Twenty-three times he has hit the 180. Heady stuff, but not enough to fend off Taylor, who, despite his anonymity in the world at large, is reckoned to be the greatest arrows man ever to inhale secondary smoke. Two years ago poor old Priestley lost the final while throwing 15 180s against the singularly unimpressed Taylor.

Taylor, a protege of the Crafty Cockney himself, is a pub landlord from Stoke who fits the darts stereotype to convenient perfection. Ample of girth and tattooed of forearm, he wears the sort of hairstyle and wispy moustache which central casting might have sent out for a '70s disco pastiche.

Tonight "The Power" is on. Bad shirt. Bad Hair. Big Gut. Perfect.

They wore clown masks (In the Circus. Get it?) and slurped golden lager and roared for Priestley.

In the boozy bowels of the hall, (like a Las Vegas supper show without the supper and without the show) they roared their ill-will towards poor Phil Taylor. His easy dominance has become boring. He is Manchester United without the pizzazz. The champion who is computer matched to date Naff Spice.
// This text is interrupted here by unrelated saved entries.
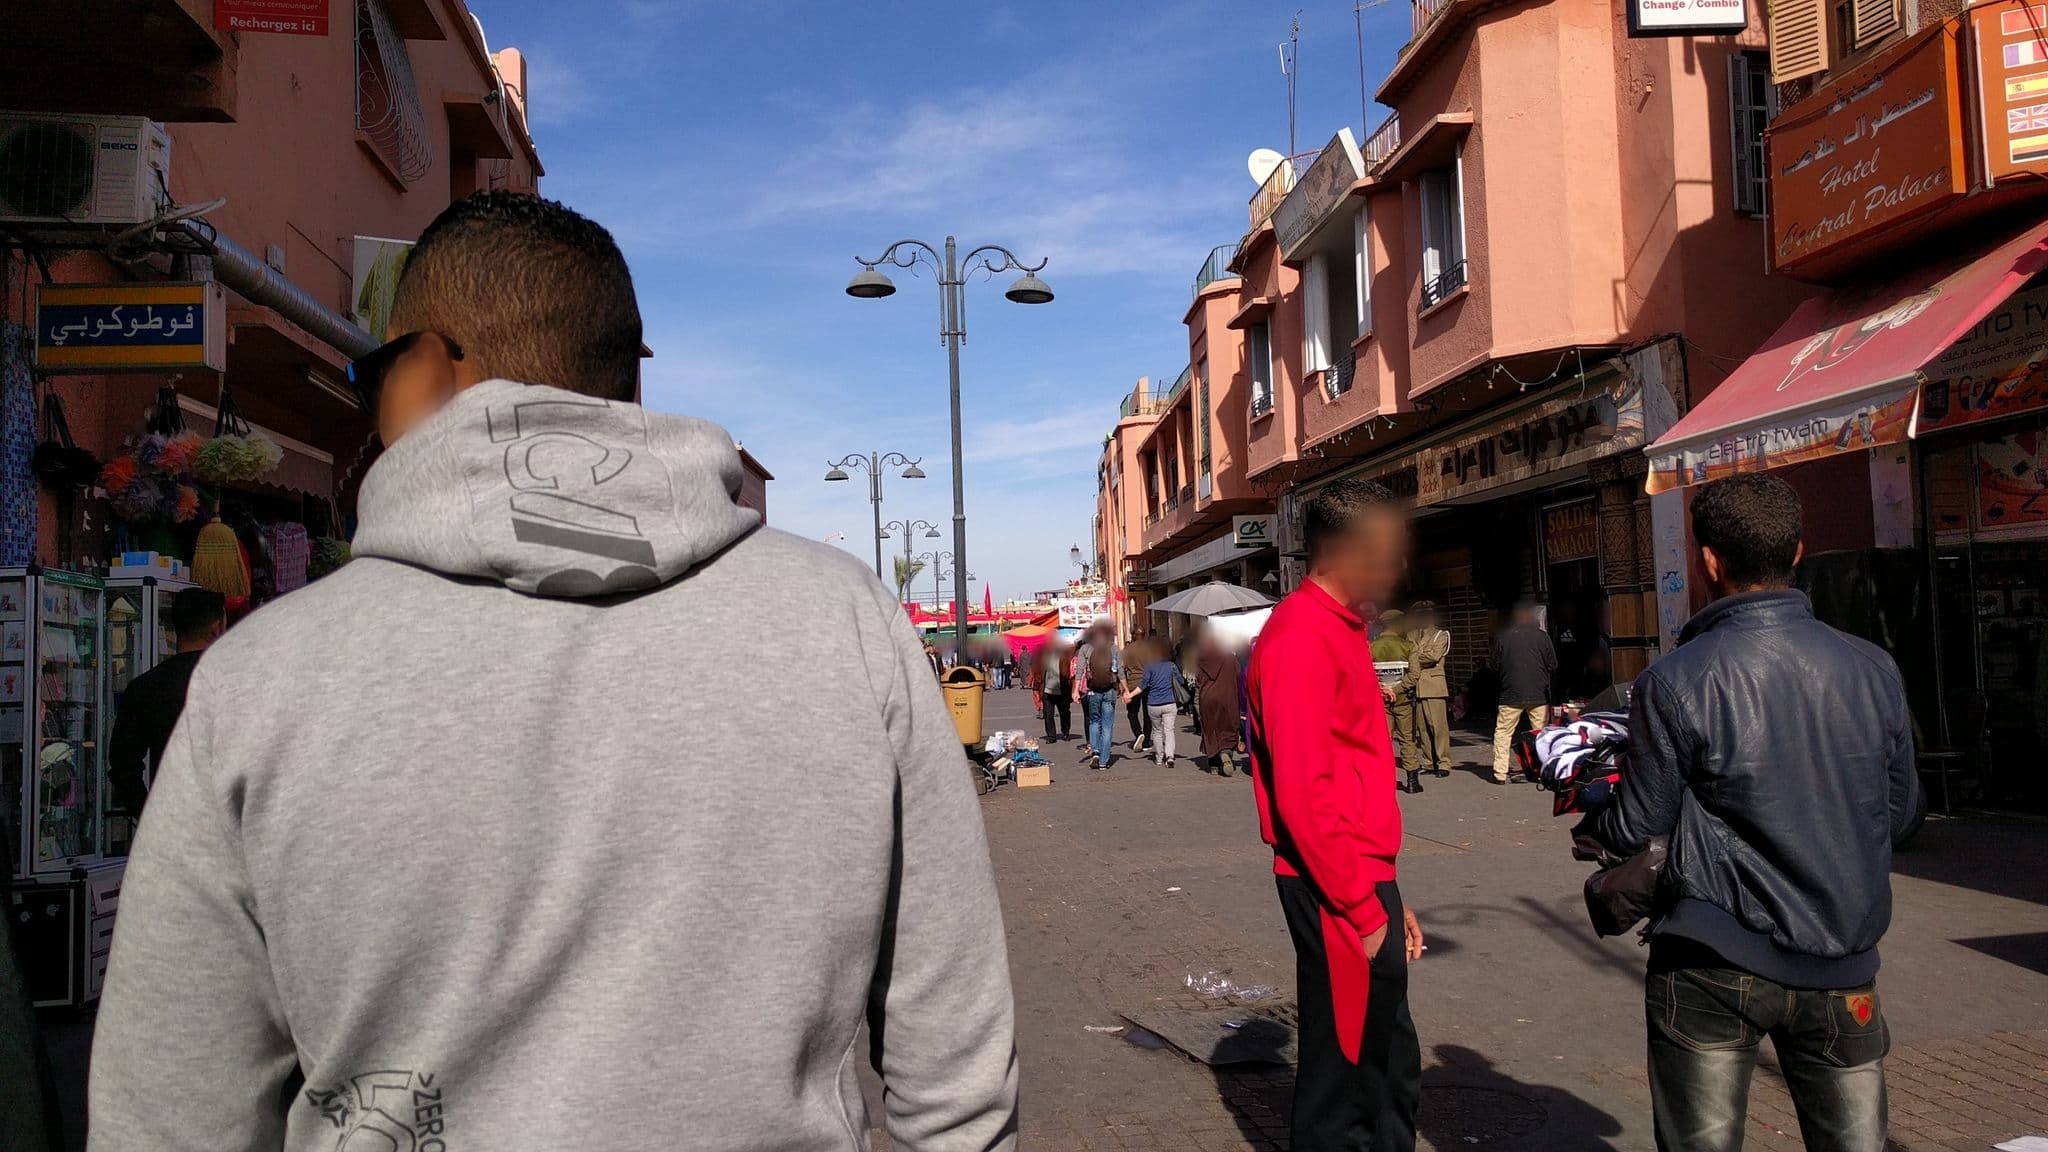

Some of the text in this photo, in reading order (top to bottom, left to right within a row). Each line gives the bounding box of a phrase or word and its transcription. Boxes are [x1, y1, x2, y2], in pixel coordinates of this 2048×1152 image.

[230, 16, 315, 32] Rechargez ici
[1643, 0, 1686, 10] Change
[101, 142, 138, 151] BEKO
[1819, 147, 1881, 197] Hotel
[1779, 166, 1948, 257] Central Palace
[50, 304, 194, 346] فوطوكوبي
[1708, 434, 1768, 460] Electro
[1774, 418, 1829, 443] twam
He won last night and they reckoned it would add another 50 or 100 quid or so to his appearance fees. Up around the 1,000 quid it costs now, they said, to hire "The Power" for a night. All that plus the £20,000 he pocketed for his week's work.

It's easy to laugh at darts and chuckle at the current misfortunes of a pub game which achieved an unlikely prominence in the late 70s and early 80s when Jim Bowen was a personality. There is pathos aplenty on offer watching a good lime game fighting slowly against grim decline. Darts will never be the lifestyle choice favoured by the quality Sunday supplements, but who cares?

There is an honest feel to it. A frank and very English love of brass and beer and the fun of partisanship without getting wet and without staying sober. It's about pubs and fun palaces and holiday camps and the thrill of going treble top.

"For the working class people who come to darts this is the annual celebration, the biggest, most glittering public event in our year."

It looked like nothing more harmless than a good night out as the gale whipped up and Phil Taylor set about seizing his piece of history. He has become the first arrows man ever to win six world championships. A very private affair. Who did Man United draw in the Cup?